Even though my tears were falling I wiped them away and managed to stand straight. I knew that this would cost me a lot, what I was going to say. But I had to face it, I didn’t have many choices.

“Jeremy I don’t know how I can make you understand but…”

I again stopped for a moment weighing my words. Trying to form them before I spoke.

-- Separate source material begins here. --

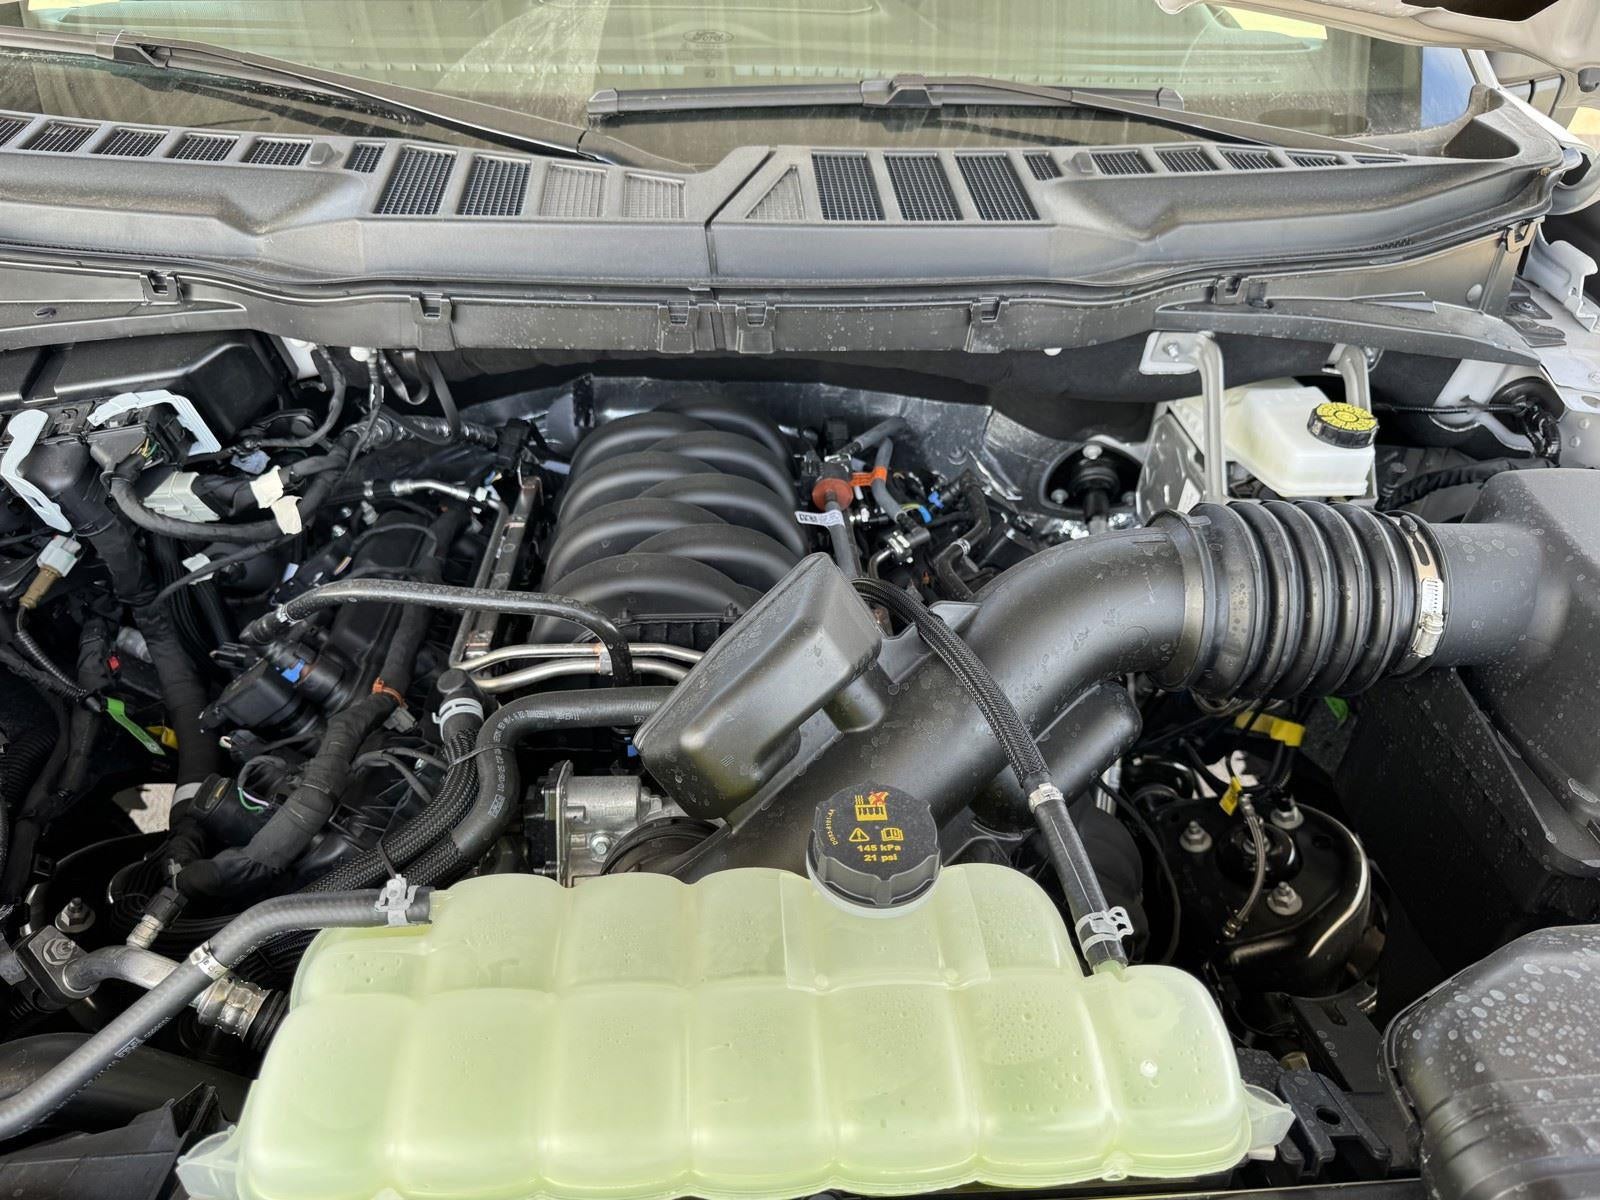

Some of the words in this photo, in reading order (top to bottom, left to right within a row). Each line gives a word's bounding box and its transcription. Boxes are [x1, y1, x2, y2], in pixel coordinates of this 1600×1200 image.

[857, 844, 878, 852] 145
[880, 844, 901, 852] kPa
[863, 854, 877, 862] 21
[881, 853, 897, 863] psi

 The weather had changed suddenly to match my mood. The wind was howling and lightening crashed. I could hear the sound of rain falling on the roof. Jeremy was showing no emotions. He just stood looking at me, waiting for me to speak.

So I continued.

“All I know is if you walk out that door, I kill myself.”

Did I just say that?

I couldn’t believe I had just that. But I knew I was serious. This time I had no choice. I couldn’t live with heartbreak. This was no fairytale with a happy ending. If I wanted one I had to try for it. But my efforts had no effect whatsoever on Jeremy.

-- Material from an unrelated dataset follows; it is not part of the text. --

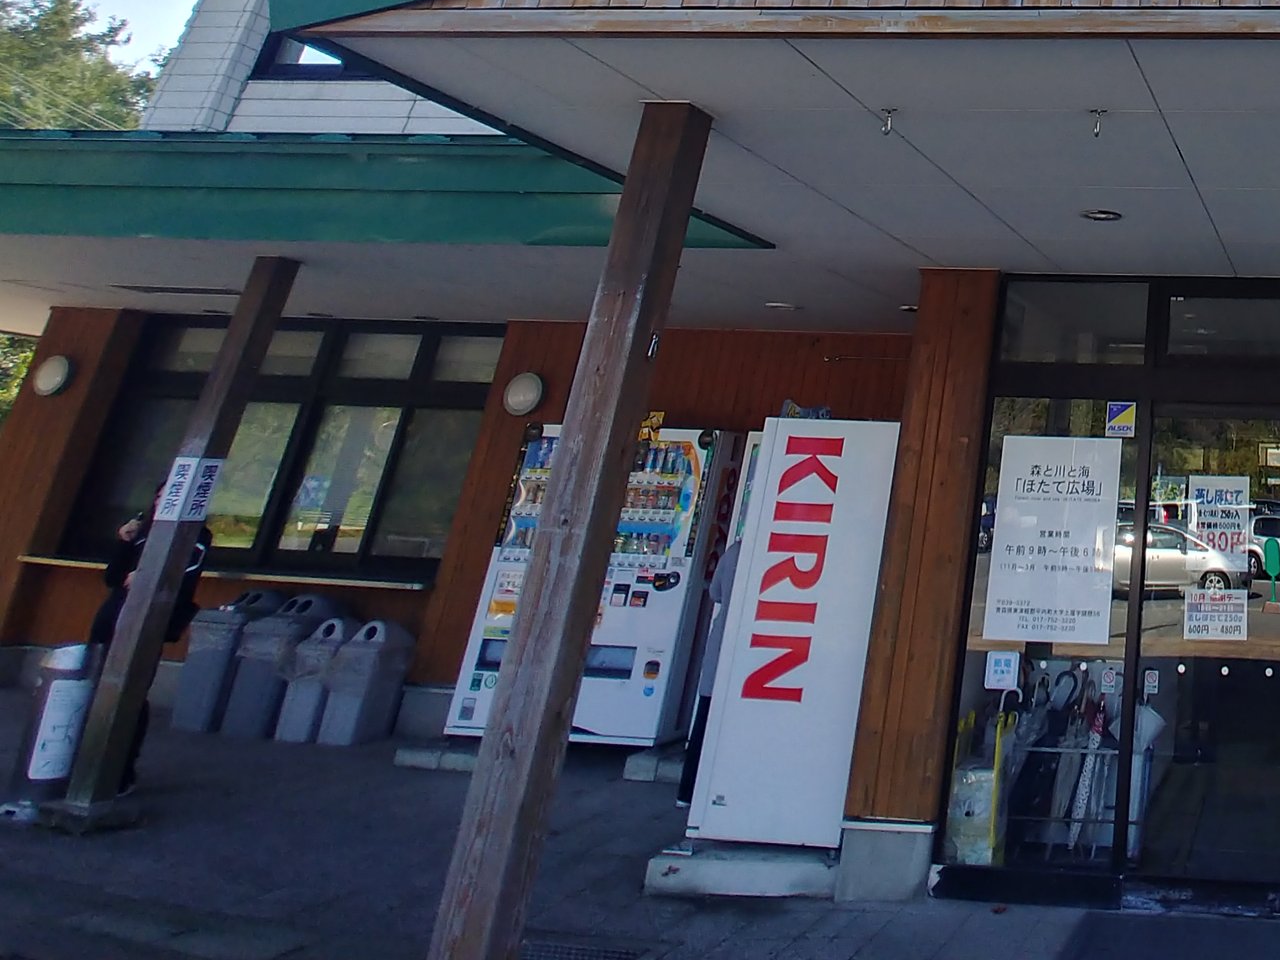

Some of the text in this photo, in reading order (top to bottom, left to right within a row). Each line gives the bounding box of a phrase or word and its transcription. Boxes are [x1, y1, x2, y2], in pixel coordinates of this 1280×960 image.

[1030, 464, 1091, 479] 森と川と海
[1015, 478, 1103, 496] 「ほたて広場」
[1039, 530, 1070, 539] 営業時間
[741, 435, 846, 703] KIRIN

 For the first time, I had no fear I felt no guilt in saying what I had said. I knew I was damn serious.

And Jeremy knew it too.

He must have seen it in my eyes because he looked surprised but he tried not to show it. It was hard that he would believe me.

The helpless, fragile Alison Grace.

Jeremy waited a second before saying anything.

“I don’t care, you do what you want and I will do what I want. It’s over.”

His reply sent shocks through my body. I was surprised but I waited for some sort of  hope.

Jeremy this walked out and just before slamming the door, added.

"Alison Grace, If you care about Dylan Stiles so much you should know that he doesn't spend nights thinking about you."

And he walked out, slamming the door behind him. The sound of the door slamming, was to much for me. I cringed and fell on to my knees. All the energy drained away from me. I could  not move, I closed my eyes. Tears dripping on to my cheeks, my heart in pain.

Suicide.

I had never really thought about it because it had always frightened me. I had never had the reason to think about it. Even though life had never really been easy on me.

I had lived happily up till  now and there had never a been moment in my life where I had ever been broken and dishearted enough to think about suicide. I had never been so helpless as I was now.

Me. Alison Grace had always had everything. My parents had tried to give me everything I wanted. I had lived a happy, healthy childhood along with my brother, Kevin.

I had always thought that life was a piece of cake. That it would always revolve around little things such as crying over broken toys and fighting with Kevin.

But soon I had realized that life was not what I expected it would be.

As I had made my way into my teens I had found out that life was very hard on weak people. I had seen relatives pass away, friends turn into foes and people who I thought cared turn away.